- **About this task**: Output exactly the lines from the one with "this 1512×1344 image." to the close of the records below, first and last included.

- **The input**:
▼

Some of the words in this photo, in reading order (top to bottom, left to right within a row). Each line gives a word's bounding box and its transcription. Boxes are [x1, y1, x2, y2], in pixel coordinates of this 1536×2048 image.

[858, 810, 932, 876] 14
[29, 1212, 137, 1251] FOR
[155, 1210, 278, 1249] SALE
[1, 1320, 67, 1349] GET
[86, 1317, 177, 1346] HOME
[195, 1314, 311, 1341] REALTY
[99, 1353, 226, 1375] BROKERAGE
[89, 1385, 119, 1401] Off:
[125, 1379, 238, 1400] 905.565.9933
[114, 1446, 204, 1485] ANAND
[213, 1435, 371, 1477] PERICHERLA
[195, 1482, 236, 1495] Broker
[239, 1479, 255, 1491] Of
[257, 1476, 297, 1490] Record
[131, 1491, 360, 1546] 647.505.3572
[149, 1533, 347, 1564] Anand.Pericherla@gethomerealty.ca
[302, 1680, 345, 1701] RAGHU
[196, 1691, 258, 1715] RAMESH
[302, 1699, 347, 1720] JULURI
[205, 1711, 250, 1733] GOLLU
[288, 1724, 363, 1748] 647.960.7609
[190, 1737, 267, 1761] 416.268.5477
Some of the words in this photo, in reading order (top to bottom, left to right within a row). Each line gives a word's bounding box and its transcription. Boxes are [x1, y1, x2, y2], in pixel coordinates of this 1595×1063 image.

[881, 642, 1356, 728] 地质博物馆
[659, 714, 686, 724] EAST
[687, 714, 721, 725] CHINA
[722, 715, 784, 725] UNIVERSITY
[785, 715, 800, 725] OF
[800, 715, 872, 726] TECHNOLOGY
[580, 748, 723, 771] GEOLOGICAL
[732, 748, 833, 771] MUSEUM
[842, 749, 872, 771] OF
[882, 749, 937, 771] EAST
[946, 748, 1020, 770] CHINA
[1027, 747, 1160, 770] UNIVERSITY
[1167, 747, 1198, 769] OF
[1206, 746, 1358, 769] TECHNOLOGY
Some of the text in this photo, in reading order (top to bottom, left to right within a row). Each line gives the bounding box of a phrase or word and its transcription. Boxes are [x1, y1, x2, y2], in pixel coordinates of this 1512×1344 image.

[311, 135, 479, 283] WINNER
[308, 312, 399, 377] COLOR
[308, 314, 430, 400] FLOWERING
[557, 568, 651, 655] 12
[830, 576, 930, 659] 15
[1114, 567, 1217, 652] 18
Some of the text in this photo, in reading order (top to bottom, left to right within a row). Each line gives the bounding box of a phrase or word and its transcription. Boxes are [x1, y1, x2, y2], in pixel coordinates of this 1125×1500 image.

▲

- **Task response**:
Some of the text in this photo, in reading order (top to bottom, left to right within a row). Each line gives the bounding box of a phrase or word and its transcription. Boxes are [x1, y1, x2, y2], in pixel coordinates of this 1512×1344 image.

[311, 135, 479, 283] WINNER
[308, 312, 399, 377] COLOR
[308, 314, 430, 400] FLOWERING
[557, 568, 651, 655] 12
[830, 576, 930, 659] 15
[1114, 567, 1217, 652] 18
Some of the text in this photo, in reading order (top to bottom, left to right within a row). Each line gives the bounding box of a phrase or word and its transcription. Boxes are [x1, y1, x2, y2], in pixel coordinates of this 1125×1500 image.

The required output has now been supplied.